Cite this article: Imad Ghozlani et al. Anomalie osseuse rare: brachydactylie non syndromique de type C. Pan African Medical Journal. 2016;25:220. [doi: 10.11604/pamj.2016.25.220.11227]
Available online at: https://www.panafrican-med-journal.com//content/article/25/220/full
Anomalie osseuse rare: brachydactylie non syndromique de type C
Uncommon bone abnormality: non-syndromic brachydactyly type C
Imad Ghozlani1,&, Radouane Niamane2
1Service de Rhumatologie, 1er Centre Médico Chirurgical, Agadir, Maroc, 2Service de Rhumatologie, Hôpital Militaire Avicenne, Maroc
&Auteur correspondant
Imad Ghozlani, Service de Rhumatologie, 1er Centre Médico Chirurgical, Agadir, Maroc
Brachydactyly is a congenital shortening of the hands or toes related to the absence or small size of phalanges, metacarpal or metatarsal bones. It is a rare anomaly, easily detected in routine clinical practice, but for which a radiological assessment is indispensable. We here present the case of a 40-year old patient presenting with mechanical pain at the base of the right thumb associated with trapezio-metacarpal osteoarthritis also known as rhizarthrosis and in whom a shortening of the 2nd, 3rd, 4th and 5th fingers of both hands was discovered fortuitously on examination (A). The feet were spared. There were no other dysmorphic disorders (ocular, nasal, auricular or digestive). The interview revealed the same disorder only in patient’s mother, without consanguinity. Standard frontal x-ray of both hands showed brachymesophalangy of second, third and fifth rays (B). This type of brachydactyly is more complex. The fourth ray is spared, thus appearing as the longest finger. Brachydactyly can be classified into five different types from A to E. Standard radiography is the key examination for the characterization of the brachydactylies, specifying their topography and type of involvement. Several forms of brachydactyly are caused by mutations in the genes encoding bone morphogenetic proteins components. Brachydactylies can also be integrate into a large number of polymalformative syndrome. Our patient suffers from a isolated non-syndromic brachydactyly type C with autosomal dominant inheritance pattern.

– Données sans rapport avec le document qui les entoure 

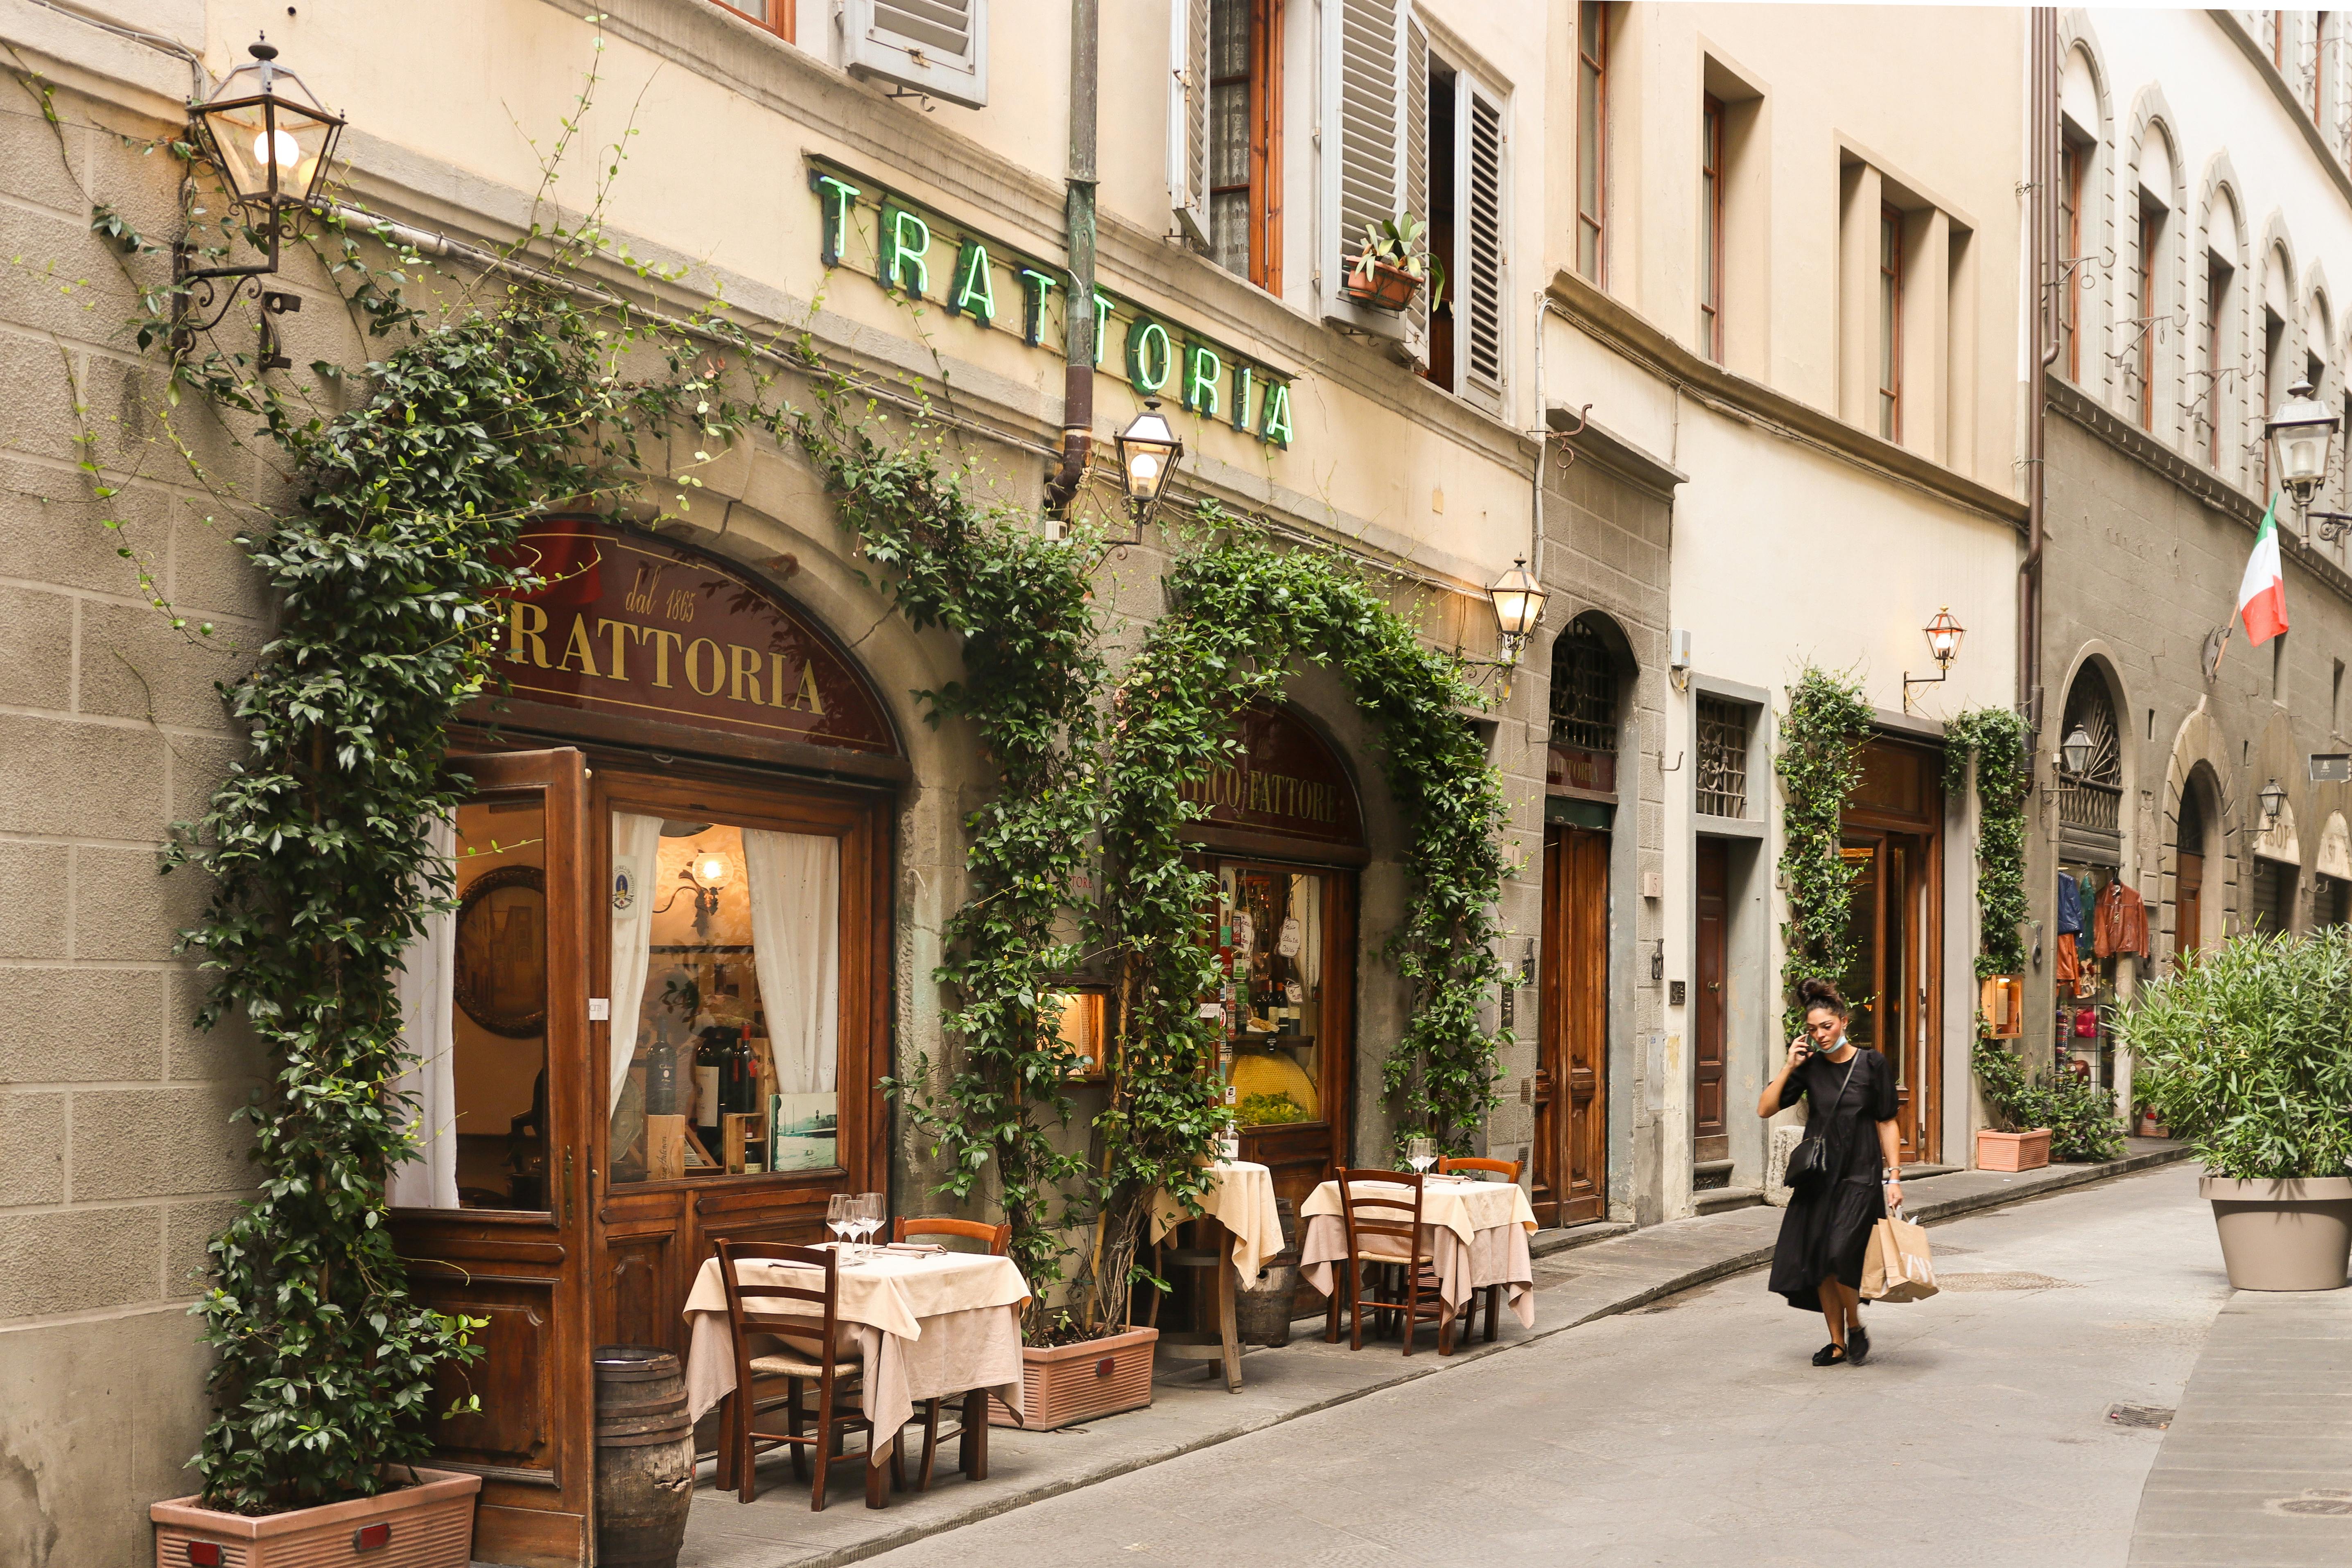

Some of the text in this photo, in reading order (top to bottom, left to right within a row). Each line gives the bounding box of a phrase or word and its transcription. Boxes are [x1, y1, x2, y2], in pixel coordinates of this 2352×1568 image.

[809, 168, 1294, 452] TRATTORIA
[626, 565, 696, 622] dal 1865
[1249, 770, 1336, 823] FATTORE

Key words: Brachydactyly, type C, non-syndromic
La brachydactylie est un raccourcissement congénital des mains ou des pieds en rapport avec l’absence ou la petite taille des phalanges, des os métacarpiens ou métatarsiens. Il s’agit d’une anomalie peu fréquente, décelable aisément sur le plan clinique, mais pour laquelle un complément radiologique est indispensable. Nous présentons le cas d’un patient de 40 ans qui a consulté pour une douleur mécanique de la base du pouce droit en rapport avec une arthrose Trapézo-métacarpienne dite rhizarthrose et chez qui l’examen a trouvé fortuitement un raccourcissement des 2ème, 3ème et 5ème doigts des deux mains (A). Les pieds étaient épargnés. Il n’y avait pas d’autres atteintes dysmorphiques (oculaire, nasale, auriculaire ou digestive). L’interrogatoire a permis de révéler la même atteinte uniquement chez la mère sans notion de consanguinité. La radiographie standard de face des deux mains a montré une brachymésophalangie des deuxièmes, troisièmes et cinquièmes rayons (B). Ce type de brachydactylie est plus complexe. Le quatrième rayon est épargné, apparaissant ainsi comme le doigt le plus long. La brachydactylie peut être classée en cinq types différents de A à E. La radiographie standard est l’examen clé pour la caractérisation des brachydactylies, précisant la topographie et le type de l’atteinte. Plusieurs formes de brachydactylie sont causées par des mutations des gènes codant les composants de la Protéine Osseuse Morphogénétique. Les brachydactylies peuvent également s’intégrer dans un grand nombre de syndrome poly malformatifs. Notre patient présente une brachydactylie isolée non syndromique de type C se transmettant selon un mode autosomique dominant.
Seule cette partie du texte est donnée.